Tre definizioni per tre accezioni di archivio

Cos’è un archivio? Questa semplice domanda è piena d’insidie. Lo sanno bene gli studiosi di archivistica, i professionisti che lavorano nel settore e i semplici appassionati. Il significato e la definizione di archivio possono variare, anche in modo sostanziale, poiché il termine può essere impiegato per identità distinte.

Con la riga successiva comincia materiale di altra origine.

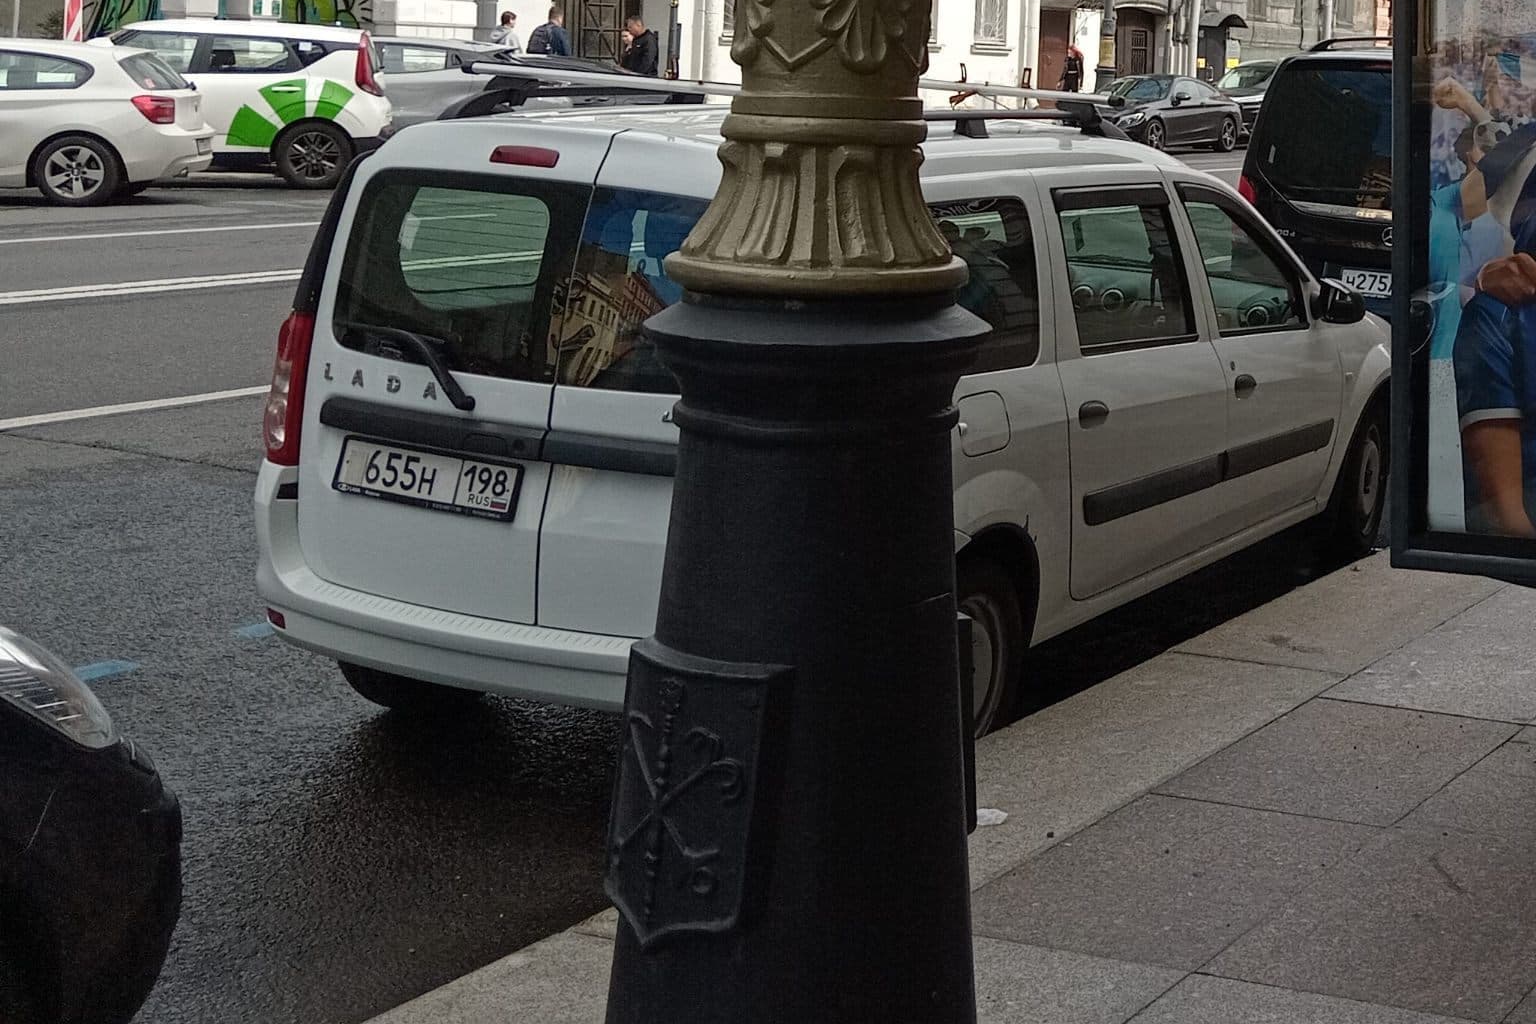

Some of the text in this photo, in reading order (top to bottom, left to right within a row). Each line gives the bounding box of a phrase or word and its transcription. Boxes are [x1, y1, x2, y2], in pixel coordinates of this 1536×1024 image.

[324, 363, 437, 400] LADA
[463, 465, 508, 497] 198
[467, 493, 490, 507] RUS
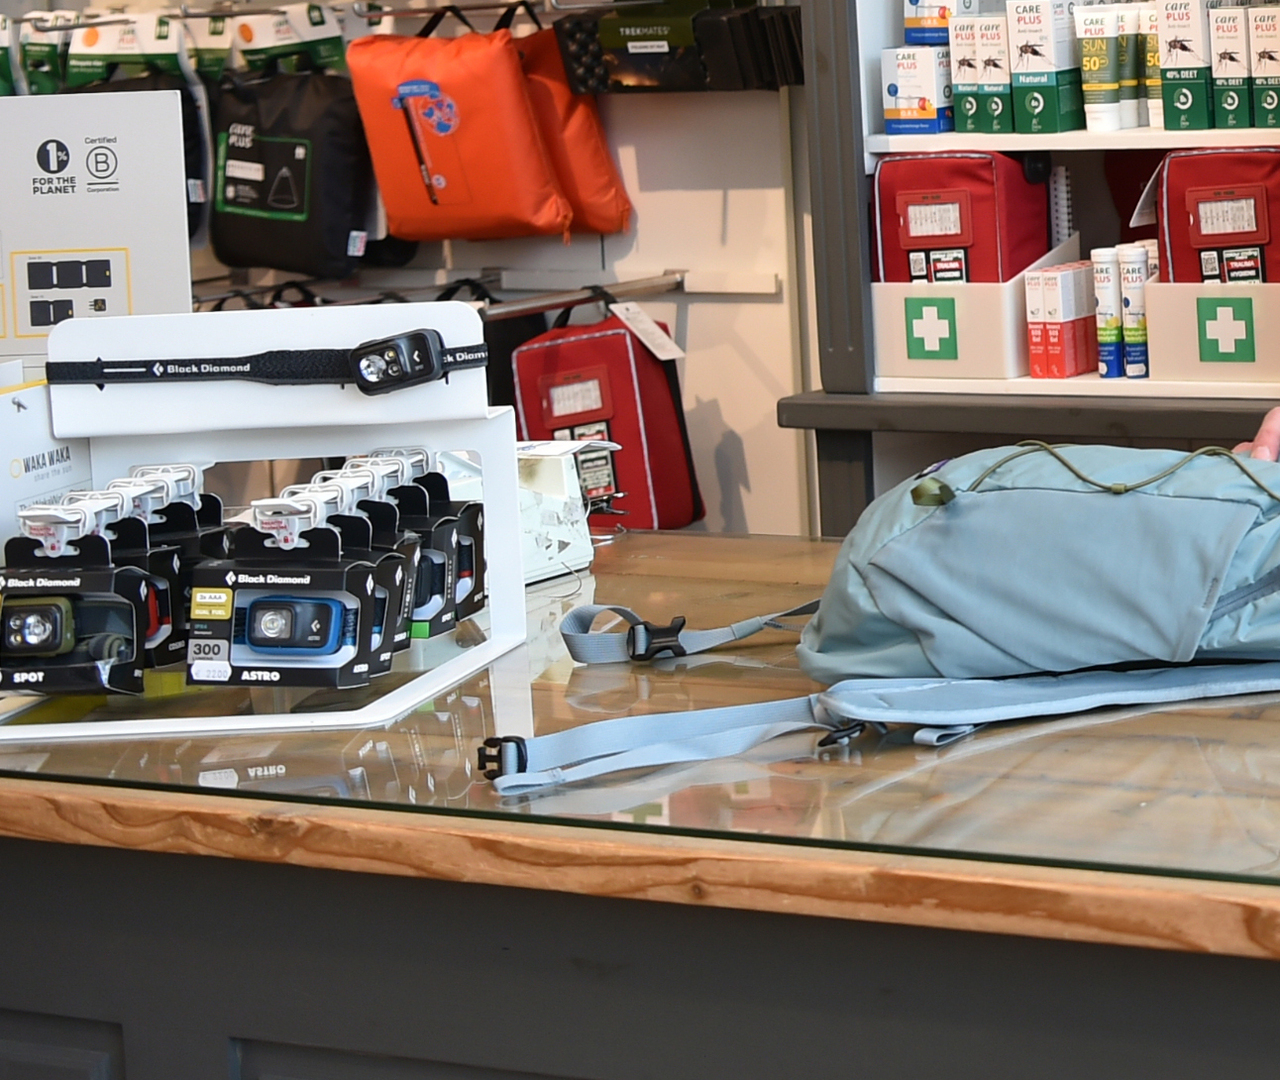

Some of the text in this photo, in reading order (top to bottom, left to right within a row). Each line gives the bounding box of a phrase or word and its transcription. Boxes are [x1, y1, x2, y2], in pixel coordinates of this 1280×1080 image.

[95, 153, 110, 172] B
[32, 176, 76, 185] FOR THE
[33, 185, 76, 195] PLANET
[167, 362, 250, 375] Black Diamond
[23, 445, 71, 474] WAKA WAKA
[7, 577, 81, 588] Black Diamond
[237, 574, 310, 585] Black Diamond
[192, 643, 221, 657] 300
[13, 672, 45, 684] SPOT
[241, 671, 280, 682] ASTRO

  1. Archivio come complesso di documenti – in questo senso, l’archivio è definito come l’insieme dei documenti prodotti e/o acquisiti da un ente durante lo svolgimento delle proprie attività, mantenendo il vincolo archivistico, ovvero il nesso logico che lega tra loro i vari documenti. Sotto questo significato, la parola “archivio” è spesso sostituita con il sinonimo “fondo” o “fondo archivistico”.
  2. Archivio fisico – questo termine “archivio” fa riferimento ad una struttura fisica, o per meglio dire il locale o i locali che vengono utilizzati per la raccolta e la conservazione del fondo archivistico.
  3. Archivio come ente – con questa accezione ci si riferisce all’istituto nel quale vengono  concentrati i documenti provenienti da fondi di uno stesso ente o in alcuni casi di enti diversi tra loro. Quest’ultimo ha per  fini istituzioni la conservazione permanente dei documenti destinati alla consultazione e il compito di renderli fruibili al pubblico.

 Tre diversi significati, tre realtà distinte per la stessa parola.